# [Exercise prompt]
Could the entries below be reproduced exactly, with the images removed?

(Items listed in a dataset)
····················

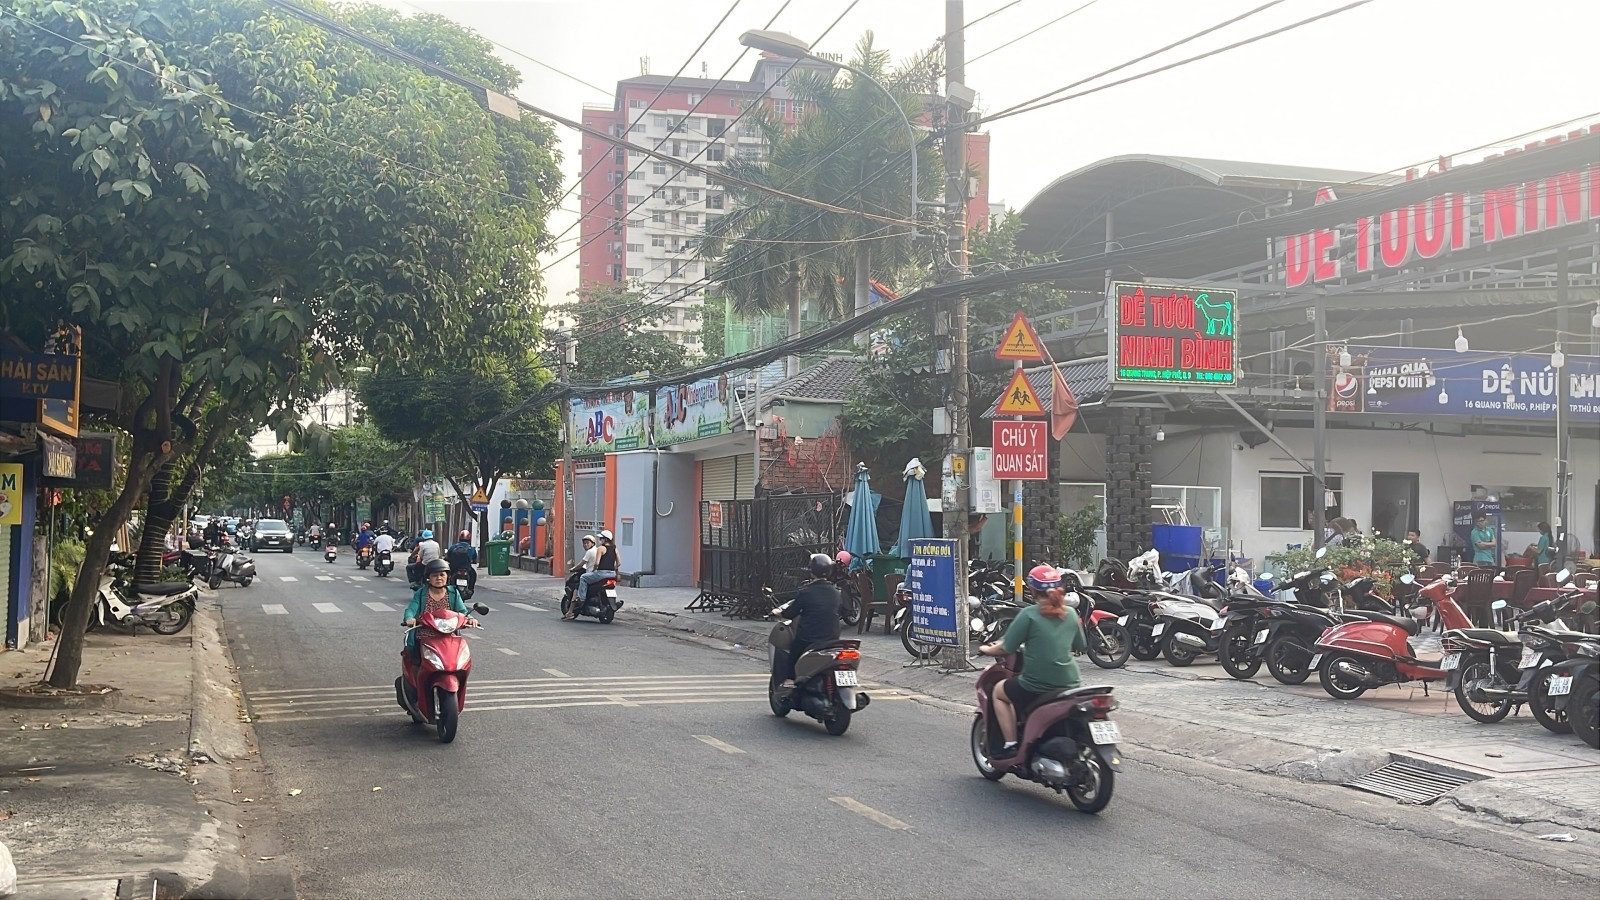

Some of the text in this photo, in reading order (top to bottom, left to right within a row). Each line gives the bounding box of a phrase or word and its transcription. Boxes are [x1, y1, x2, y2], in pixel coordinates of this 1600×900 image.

[1120, 288, 1195, 329] DÊ TƯƠI
[1120, 331, 1232, 370] NINH BÌNH
[2, 359, 72, 381] HẢI SẢN
[1369, 376, 1396, 388] PEPSI
[22, 383, 49, 394] KTV
[1465, 400, 1473, 409] 16
[1475, 401, 1501, 410] QUANG
[1502, 401, 1528, 412] TRUNG,
[586, 410, 615, 446] ABC
[1001, 423, 1038, 447] CHÚ Ý
[995, 453, 1023, 473] QUAN
[1025, 449, 1044, 473] SÁT
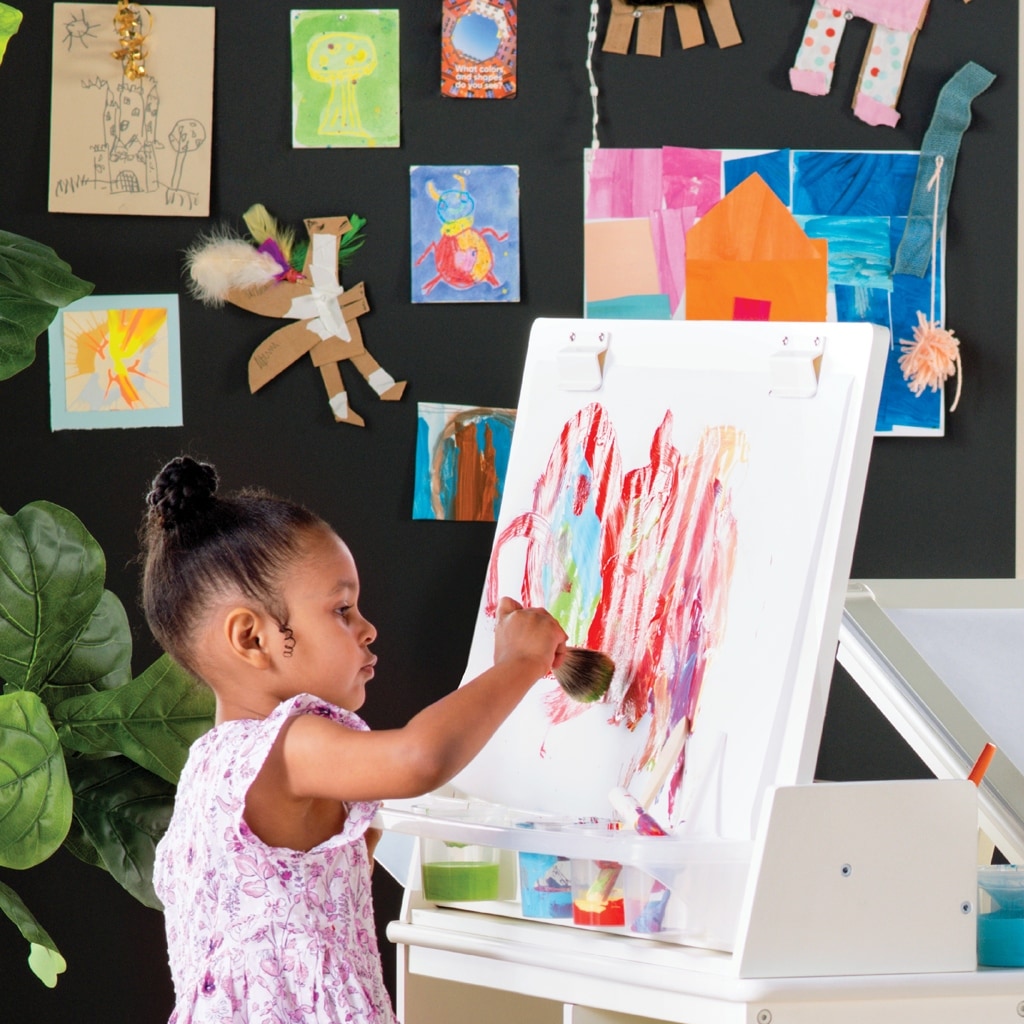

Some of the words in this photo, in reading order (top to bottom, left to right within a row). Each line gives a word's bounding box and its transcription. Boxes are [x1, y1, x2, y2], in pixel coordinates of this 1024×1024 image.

[455, 65, 477, 73] What
[479, 65, 504, 73] colors
[473, 73, 503, 82] shapes
[455, 81, 466, 89] do
[467, 82, 483, 90] you

····················

# [Written reply]
Some of the text in this photo, in reading order (top to bottom, left to right within a row). Each line gives the bounding box of a phrase or word and its transcription. Boxes are [x1, y1, x2, y2], in pixel coordinates of this 1600×900 image.

[1120, 288, 1195, 329] DÊ TƯƠI
[1120, 331, 1232, 370] NINH BÌNH
[2, 359, 72, 381] HẢI SẢN
[1369, 376, 1396, 388] PEPSI
[22, 383, 49, 394] KTV
[1465, 400, 1473, 409] 16
[1475, 401, 1501, 410] QUANG
[1502, 401, 1528, 412] TRUNG,
[586, 410, 615, 446] ABC
[1001, 423, 1038, 447] CHÚ Ý
[995, 453, 1023, 473] QUAN
[1025, 449, 1044, 473] SÁT

Some of the words in this photo, in reading order (top to bottom, left to right within a row). Each line gives a word's bounding box and its transcription. Boxes are [x1, y1, x2, y2], in pixel coordinates of this 1024×1024 image.

[455, 65, 477, 73] What
[479, 65, 504, 73] colors
[473, 73, 503, 82] shapes
[455, 81, 466, 89] do
[467, 82, 483, 90] you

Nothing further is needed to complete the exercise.